Question

What values for θ (0≤θ≤2π) satisfy the equation?

Answer 1

\[tan^2\theta=-\frac{3}{2}sec\theta\]

Answer 2

sorry i suck at trig :(

Answer 3

It's all good :)

Answer 4

do U know the identity that relates both of the \[\sin (\Theta) , \tan (\Theta)\] ?

Answer 5

\[\sec ^2 \theta -\tan ^2 \theta=1\]

Answer 6

this is how to start

\[\tan^2(\theta) = \frac{\sin^2(\theta)}{\cos^2(\theta)}\]

and

\[\sec(\theta) = \frac{1}{\cos(\theta)}\]
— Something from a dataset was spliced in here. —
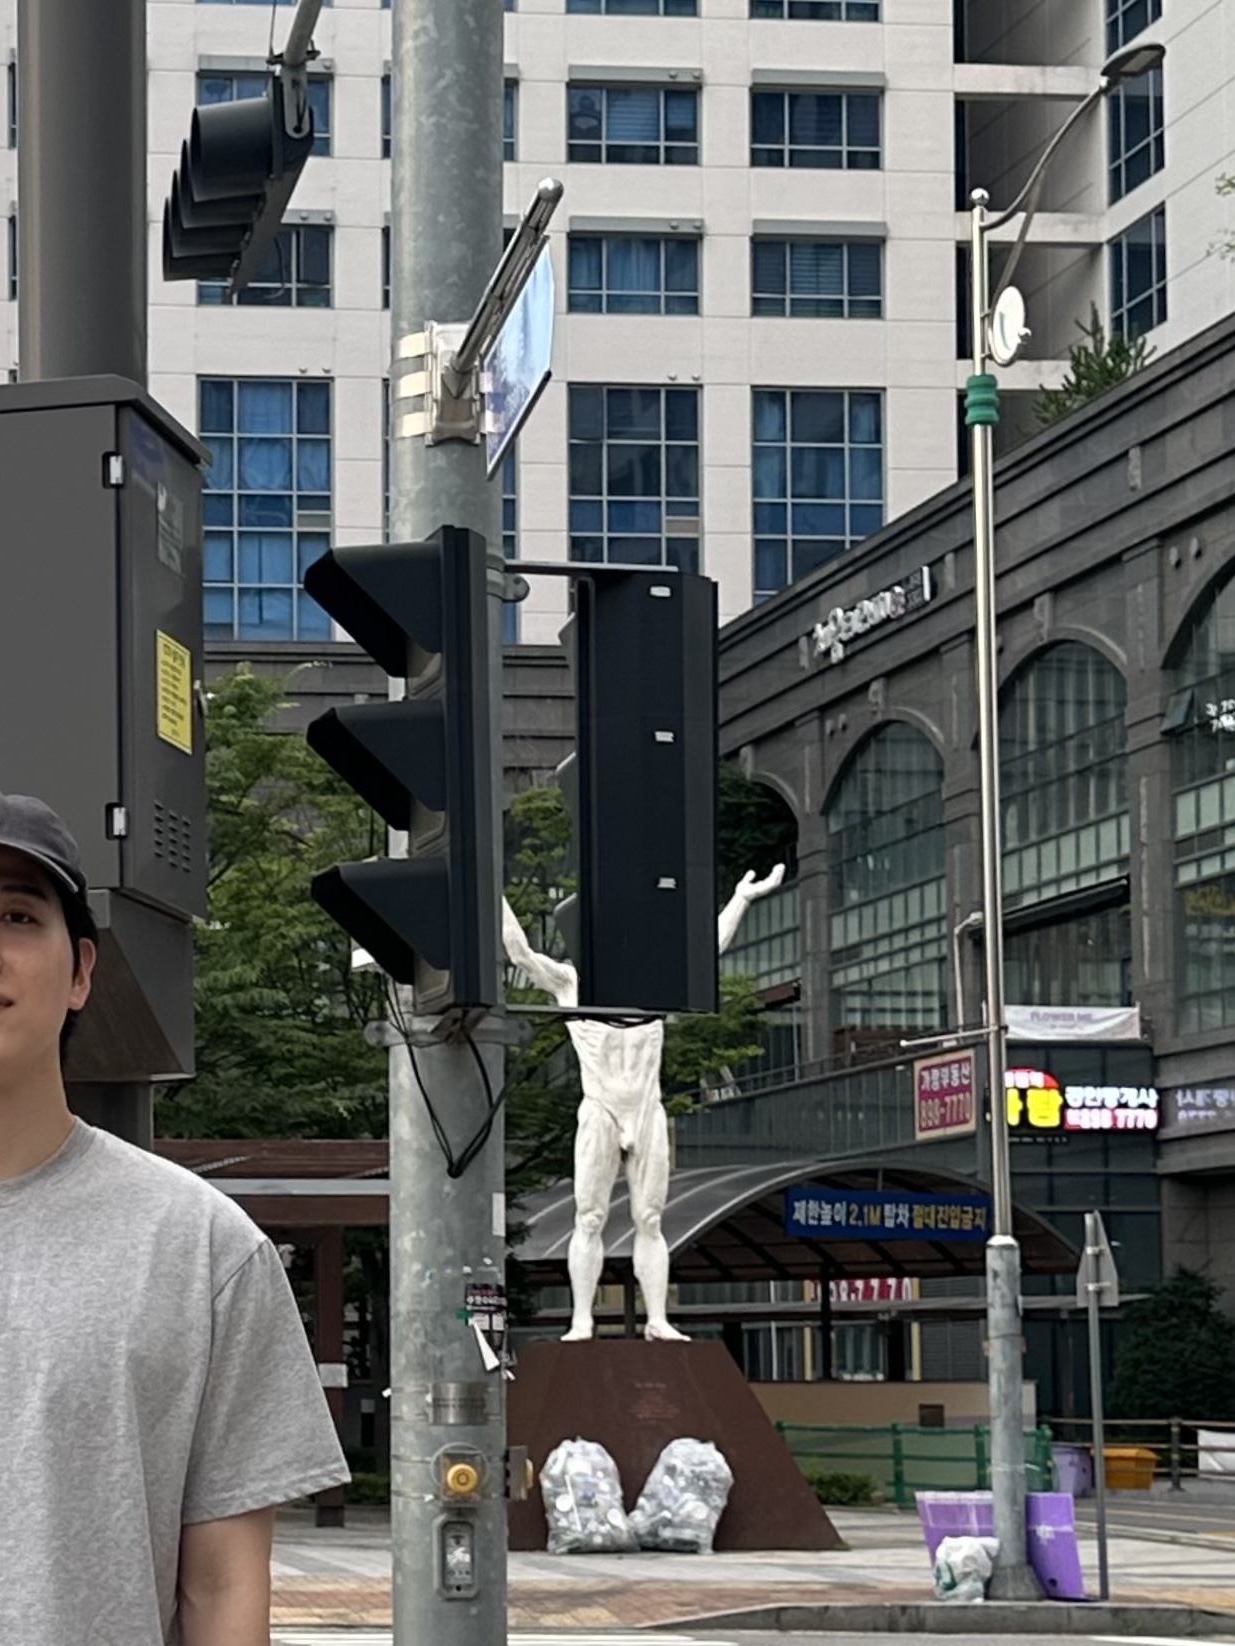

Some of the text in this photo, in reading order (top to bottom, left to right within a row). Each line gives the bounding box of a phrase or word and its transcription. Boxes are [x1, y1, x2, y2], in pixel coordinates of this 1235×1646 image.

multiply both sides of the equation by cos^2

\[\sin^2(\theta) = \frac{3}{2} \cos(\theta)\]

now use the trig identity sin^2 + cos^2 = 1

so

\[1 - \cos^2(\theta) = \frac{3}{2} \cos(\theta)\]

which can be written as

\[\cos^2(\theta) + \frac{3}{2}\cos(\theta) - 1 = 0\]

so now you have a quadratic that can be solved...

hope it helps

Answer 7

\[\tan ^2 \theta=\sec ^2 \theta-1\]

Answer 8

\[\sec ^2 \theta -1=\frac{ 3 }{ 2 }\cos \theta\]
\[2 \sec ^2 \theta-2=3 \sec \theta\]
solve for sec theta

Answer 9

when you solve the quadratic using the general quadratic formula you are solving

\[\cos(\theta) = \frac{-b \pm \sqrt{b^2 -4ac}}{2a}\]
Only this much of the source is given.